On a Friday afternoon, vulnerability alerts landed against one of our services. Some real, some noise, all needing triage–historically half a day spent reading advisories to decide what applies. HAL takes the ticket, reads each advisory, updates the dependencies, pins what’s needed, runs the test suite, opens a pull request, and clears the alerts. The reviewing engineer's job shrank to: confirm the changes are dependencies-only, glance at the tests, merge. The same shape runs on a schedule across many repositories.

Control, not autonomy

None of this works without the narrow contract. HAL is not autonomous–it's a controllable agent operating inside guardrails that both Checkout Engineering and the team chose. There's no ambient agent deciding what to do next; every run traces to a specific instruction. When it goes off-track–and it does, because LLMs do–the engineer can stop it in one step, and feedback flows into the next run. A second pair of human eyes is preserved structurally: the people who described what to build can't be the ones who sign off on how it was built.

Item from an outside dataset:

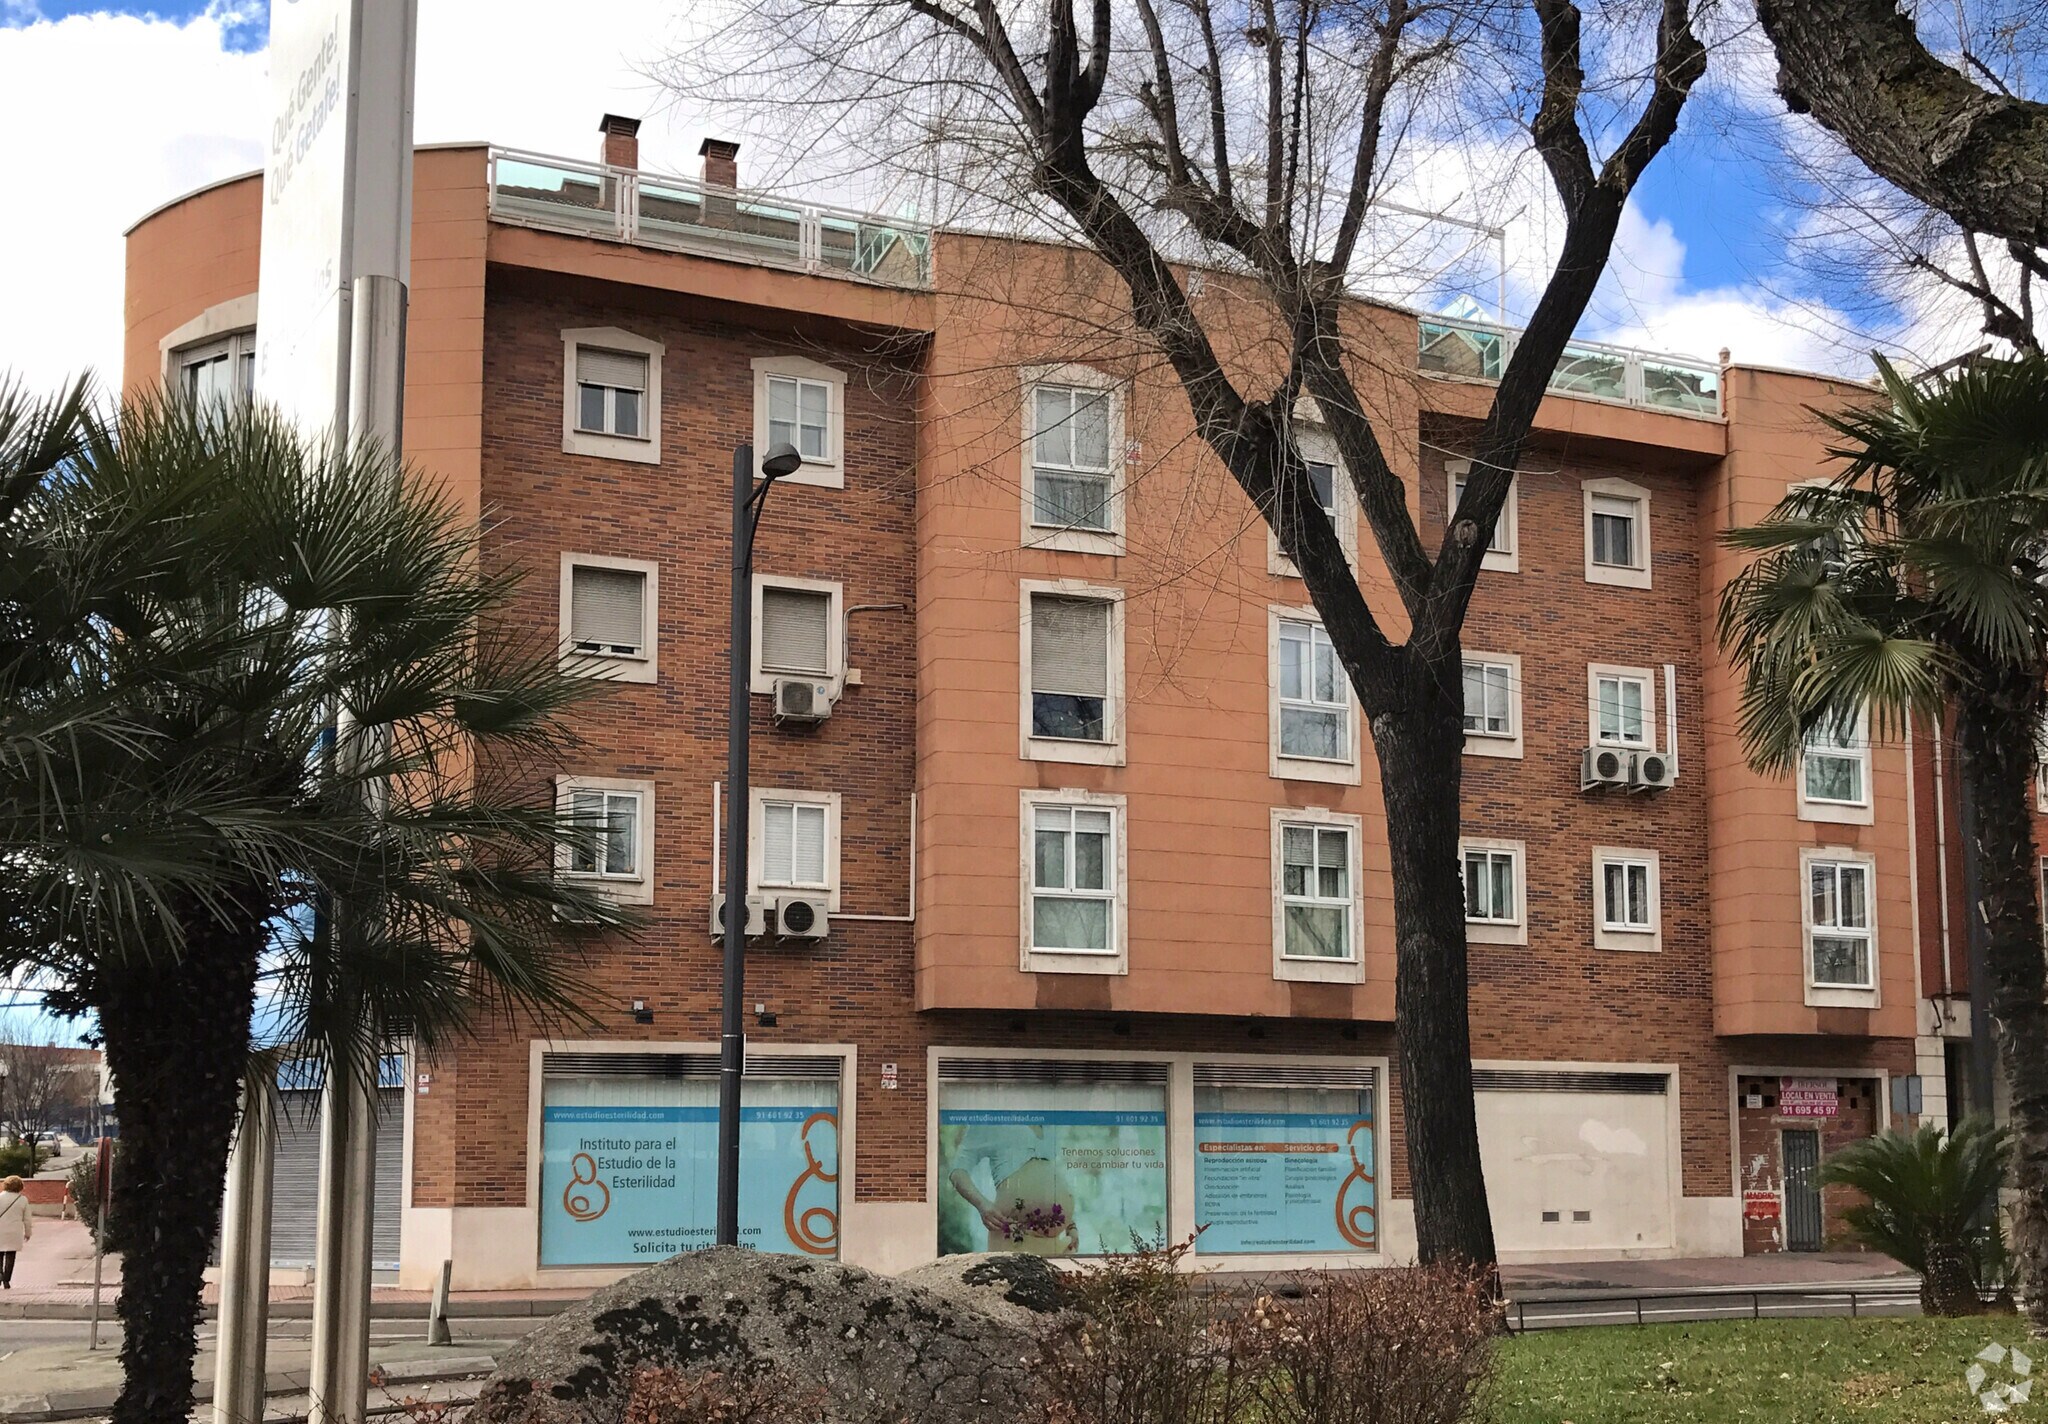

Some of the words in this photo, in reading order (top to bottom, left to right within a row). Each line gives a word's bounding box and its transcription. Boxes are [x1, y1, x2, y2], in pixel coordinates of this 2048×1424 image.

A subtler risk: automation complacency. The more a team trusts HAL, the easier it is to wave its PRs through–and for a payments company, a rubber-stamped change is exactly what you can't afford. The narrow contract is itself a defence: small, scoped diffs get genuinely reviewed, not skimmed. And HAL's PRs clear the same gates as any human's–tests, security scans, a named approver, nothing auto-merged. The trust is in the process, not the agent.

Beyond the 18%: the next phase of engineering

When an agent fleet has a hand in nearly a fifth of your pull requests, the nature of daily engineering shifts. We don't measure HAL solely by lines of code or raw speed; the real win is cognitive offload. By handing the low-context, high-friction work to a background agent, we've given engineers their focus back. Engineers aren't giving up the work they enjoy; they're giving up the work they used to put off.

That's the real promise of agentic engineering: not one all-powerful AI that replaces human thought, but a background workforce of narrow, specialised agents operating safely inside the guardrails we already had. HAL began as an experiment in whether an LLM could handle a few mundane tasks; today it's a core part of how Checkout.com ships software. As we expand it, we aren't chasing more autonomy–we're deepening its integration, so the boring, well-scoped work is done, reviewed, and waiting for our engineers in the morning.